[Records provided — start]

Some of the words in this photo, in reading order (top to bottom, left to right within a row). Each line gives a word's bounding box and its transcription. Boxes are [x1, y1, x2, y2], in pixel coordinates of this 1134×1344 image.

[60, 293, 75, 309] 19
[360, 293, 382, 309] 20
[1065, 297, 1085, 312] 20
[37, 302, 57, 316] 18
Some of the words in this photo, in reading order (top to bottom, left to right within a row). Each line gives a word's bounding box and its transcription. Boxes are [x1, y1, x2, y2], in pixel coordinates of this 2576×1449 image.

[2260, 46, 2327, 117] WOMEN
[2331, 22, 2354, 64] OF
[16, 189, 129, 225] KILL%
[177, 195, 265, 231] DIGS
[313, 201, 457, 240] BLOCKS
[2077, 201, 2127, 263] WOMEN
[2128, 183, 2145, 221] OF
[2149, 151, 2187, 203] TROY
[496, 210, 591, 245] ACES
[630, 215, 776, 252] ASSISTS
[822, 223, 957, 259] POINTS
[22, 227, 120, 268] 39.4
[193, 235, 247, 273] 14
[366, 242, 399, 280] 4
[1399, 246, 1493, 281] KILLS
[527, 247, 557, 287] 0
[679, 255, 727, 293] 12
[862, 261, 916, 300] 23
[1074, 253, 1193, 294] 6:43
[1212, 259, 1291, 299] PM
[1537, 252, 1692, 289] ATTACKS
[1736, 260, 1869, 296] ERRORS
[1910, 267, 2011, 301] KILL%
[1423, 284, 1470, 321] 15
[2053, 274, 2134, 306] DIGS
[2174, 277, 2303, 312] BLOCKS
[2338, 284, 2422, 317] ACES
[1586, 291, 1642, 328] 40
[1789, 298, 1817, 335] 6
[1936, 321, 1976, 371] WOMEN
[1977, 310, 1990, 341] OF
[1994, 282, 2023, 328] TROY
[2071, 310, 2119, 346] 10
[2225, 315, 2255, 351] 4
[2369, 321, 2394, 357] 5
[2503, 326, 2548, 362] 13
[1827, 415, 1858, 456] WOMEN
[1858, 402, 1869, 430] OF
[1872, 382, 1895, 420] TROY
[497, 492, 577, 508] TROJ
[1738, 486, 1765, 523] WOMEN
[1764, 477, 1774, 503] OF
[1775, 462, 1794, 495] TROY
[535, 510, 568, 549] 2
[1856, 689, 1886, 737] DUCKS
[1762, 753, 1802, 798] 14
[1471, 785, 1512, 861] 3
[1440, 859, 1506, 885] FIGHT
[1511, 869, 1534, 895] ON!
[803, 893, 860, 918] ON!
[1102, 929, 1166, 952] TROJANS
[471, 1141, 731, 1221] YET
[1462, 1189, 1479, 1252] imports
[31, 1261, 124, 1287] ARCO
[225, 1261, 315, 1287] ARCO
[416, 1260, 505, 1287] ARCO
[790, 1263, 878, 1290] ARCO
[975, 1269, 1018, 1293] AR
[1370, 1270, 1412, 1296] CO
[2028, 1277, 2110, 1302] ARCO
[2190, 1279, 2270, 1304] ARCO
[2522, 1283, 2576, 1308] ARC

[Records provided — finish]

### What this task involves
Each line above must be reproduced exactly.

### Exercise solution
Some of the words in this photo, in reading order (top to bottom, left to right within a row). Each line gives a word's bounding box and its transcription. Boxes are [x1, y1, x2, y2], in pixel coordinates of this 1134×1344 image.

[60, 293, 75, 309] 19
[360, 293, 382, 309] 20
[1065, 297, 1085, 312] 20
[37, 302, 57, 316] 18
Some of the words in this photo, in reading order (top to bottom, left to right within a row). Each line gives a word's bounding box and its transcription. Boxes are [x1, y1, x2, y2], in pixel coordinates of this 2576×1449 image.

[2260, 46, 2327, 117] WOMEN
[2331, 22, 2354, 64] OF
[16, 189, 129, 225] KILL%
[177, 195, 265, 231] DIGS
[313, 201, 457, 240] BLOCKS
[2077, 201, 2127, 263] WOMEN
[2128, 183, 2145, 221] OF
[2149, 151, 2187, 203] TROY
[496, 210, 591, 245] ACES
[630, 215, 776, 252] ASSISTS
[822, 223, 957, 259] POINTS
[22, 227, 120, 268] 39.4
[193, 235, 247, 273] 14
[366, 242, 399, 280] 4
[1399, 246, 1493, 281] KILLS
[527, 247, 557, 287] 0
[679, 255, 727, 293] 12
[862, 261, 916, 300] 23
[1074, 253, 1193, 294] 6:43
[1212, 259, 1291, 299] PM
[1537, 252, 1692, 289] ATTACKS
[1736, 260, 1869, 296] ERRORS
[1910, 267, 2011, 301] KILL%
[1423, 284, 1470, 321] 15
[2053, 274, 2134, 306] DIGS
[2174, 277, 2303, 312] BLOCKS
[2338, 284, 2422, 317] ACES
[1586, 291, 1642, 328] 40
[1789, 298, 1817, 335] 6
[1936, 321, 1976, 371] WOMEN
[1977, 310, 1990, 341] OF
[1994, 282, 2023, 328] TROY
[2071, 310, 2119, 346] 10
[2225, 315, 2255, 351] 4
[2369, 321, 2394, 357] 5
[2503, 326, 2548, 362] 13
[1827, 415, 1858, 456] WOMEN
[1858, 402, 1869, 430] OF
[1872, 382, 1895, 420] TROY
[497, 492, 577, 508] TROJ
[1738, 486, 1765, 523] WOMEN
[1764, 477, 1774, 503] OF
[1775, 462, 1794, 495] TROY
[535, 510, 568, 549] 2
[1856, 689, 1886, 737] DUCKS
[1762, 753, 1802, 798] 14
[1471, 785, 1512, 861] 3
[1440, 859, 1506, 885] FIGHT
[1511, 869, 1534, 895] ON!
[803, 893, 860, 918] ON!
[1102, 929, 1166, 952] TROJANS
[471, 1141, 731, 1221] YET
[1462, 1189, 1479, 1252] imports
[31, 1261, 124, 1287] ARCO
[225, 1261, 315, 1287] ARCO
[416, 1260, 505, 1287] ARCO
[790, 1263, 878, 1290] ARCO
[975, 1269, 1018, 1293] AR
[1370, 1270, 1412, 1296] CO
[2028, 1277, 2110, 1302] ARCO
[2190, 1279, 2270, 1304] ARCO
[2522, 1283, 2576, 1308] ARC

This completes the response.